Regarding procedural unfairness, she said: “Once the different roles of the education authority, the Scottish Ministers and the panel are properly understood, it becomes apparent that the call-in stage is one of those situations in which there is clear justification for departure from the usual rule that someone knows of and is given a chance to respond to complaints against them as it is only a step in a larger process and not the ultimate decision. I reject the complaints of procedural unfairness made by the petitioner.”
Lady Wise also held that the respondents were “entitled and obliged” to consider the financial considerations in the decision, saying: “The respondents’ tentative view that the petitioner has overstated the savings that would result from the closure of Abernyte is justified by an analysis of the papers, which illustrate that using the petitioner’s own figures, the cost of refurbishment over the next five years would be significantly less than £330,090 (by at least £90,000, more if the duplication point is resolved by priority 3 costs being overstated).”
Regarding the argument that the council had previously taken steps to address the pupil roll issue, she said: “The starting point for a local authority must be to address a falling school roll in a way that avoids the spectre of closure. Only if the problem can’t be addressed, and the local authority can explain why that was, can it properly move to the next stage. Identification of alternatives is not synonymous with addressing a problem and is part of the later stage. Conducting a review of a catchment area is not tantamount to addressing a falling school roll problem; making alterations to a catchment area would be different and could well constitute an attempt to address the issue.”

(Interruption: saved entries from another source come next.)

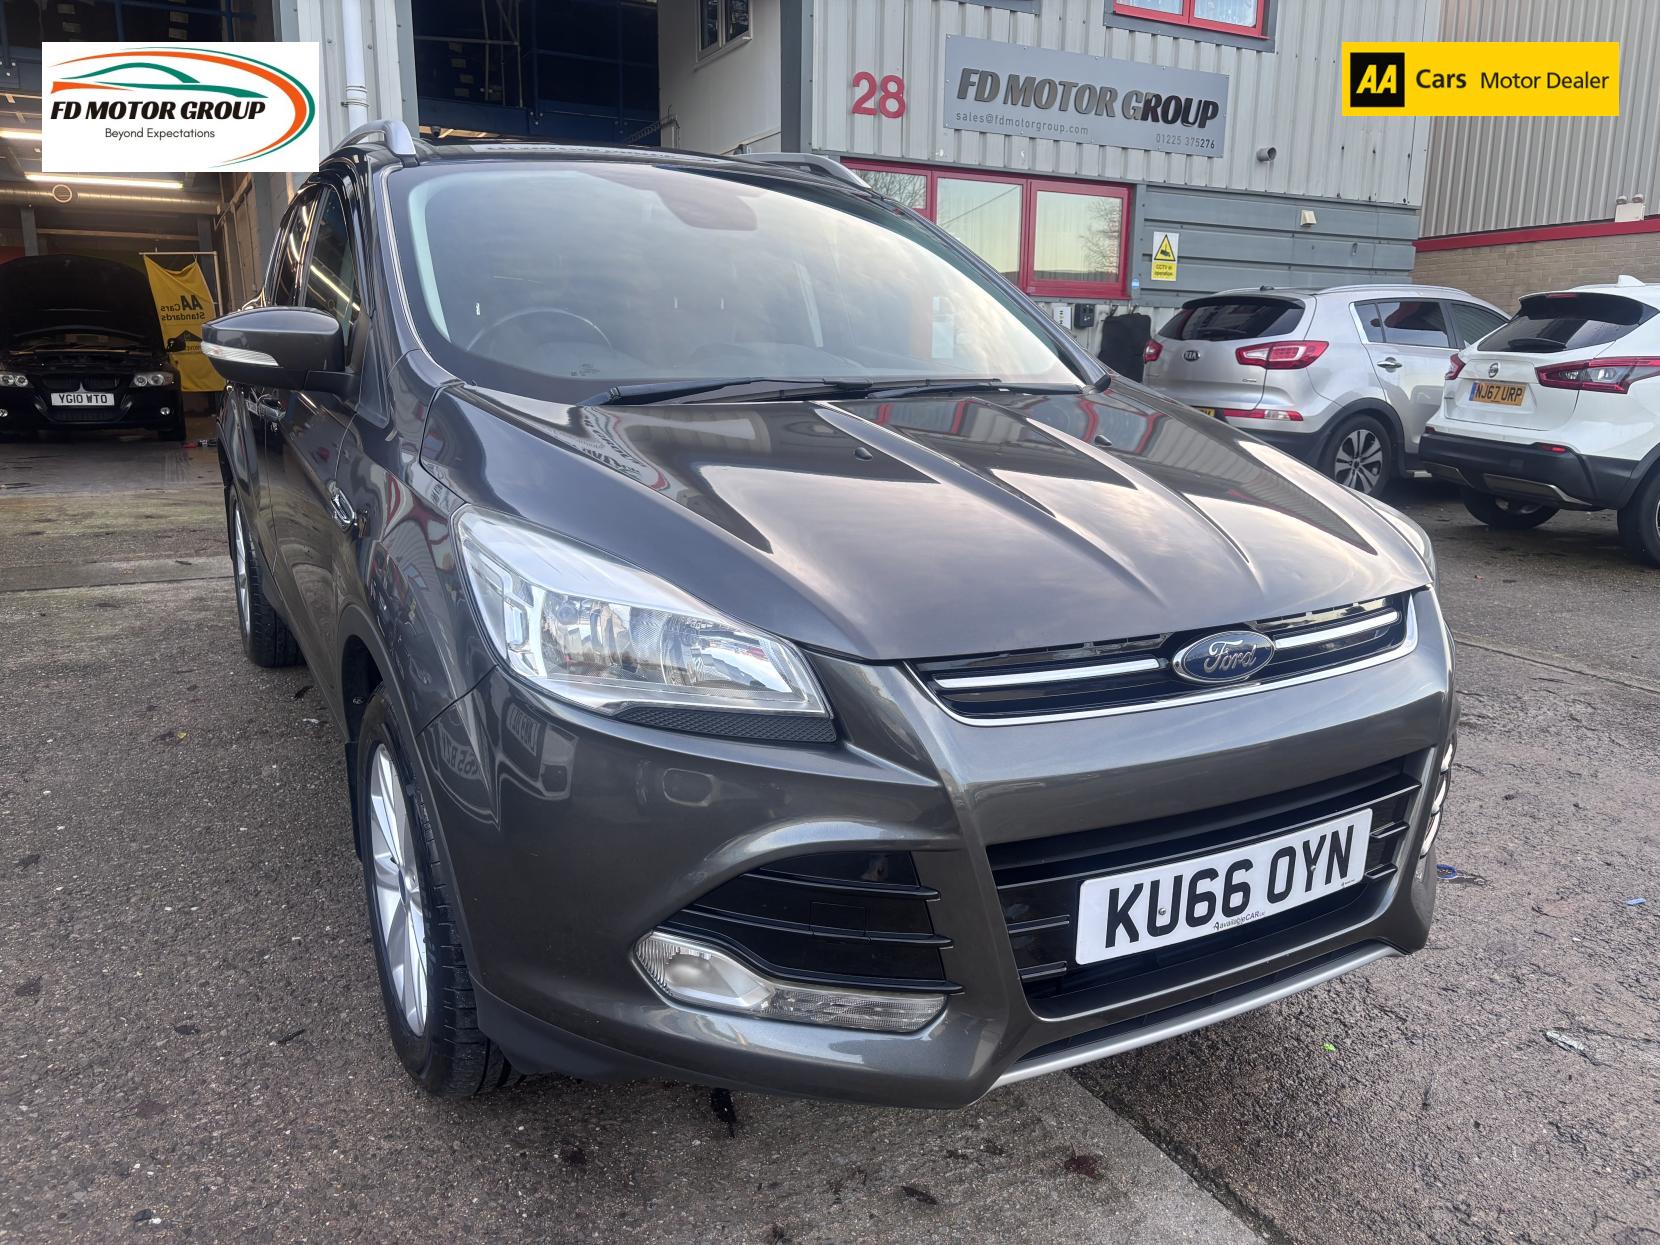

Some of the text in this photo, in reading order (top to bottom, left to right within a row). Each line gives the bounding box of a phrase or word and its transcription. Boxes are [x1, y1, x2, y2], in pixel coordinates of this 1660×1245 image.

[851, 71, 906, 119] 28
[956, 67, 1220, 129] FD MOTOR GROUP
[955, 111, 1089, 136] sales@fdmotorgroup.com
[1155, 133, 1215, 149] 01225 375276
[1475, 383, 1523, 402] NJ67 URP
[1203, 639, 1257, 673] Ford
[1105, 824, 1355, 949] KU66 OYN

On the community impact arguments, she said: “[T]here are references [in the respondents’ report] that illustrate an understanding that trivial points or gaps in knowledge by the council would not matter (and so not meet the test). For example there is reference to the ‘significant distance’ between the local authority and the community in relation to the community impact issue generally, a reference to the large number of responses on this point and the strength of feeling that the Council had misunderstood the position. Further, the uncertainty about the ownership of the playing field is also said to cast ‘significant doubt’ as to whether the council has complied with the special regard test in [the 2010 Act] and for the reasons given the conclusion the council reached regarding the use of the church may also be wrong. Taken together, these examples highlight the issue as an important one because the differences are not merely of detail but suggest that the Council’s approach to this statutory requirement lacked rigour on matters that were of real concern locally.”
For these reasons, the petition was dismissed.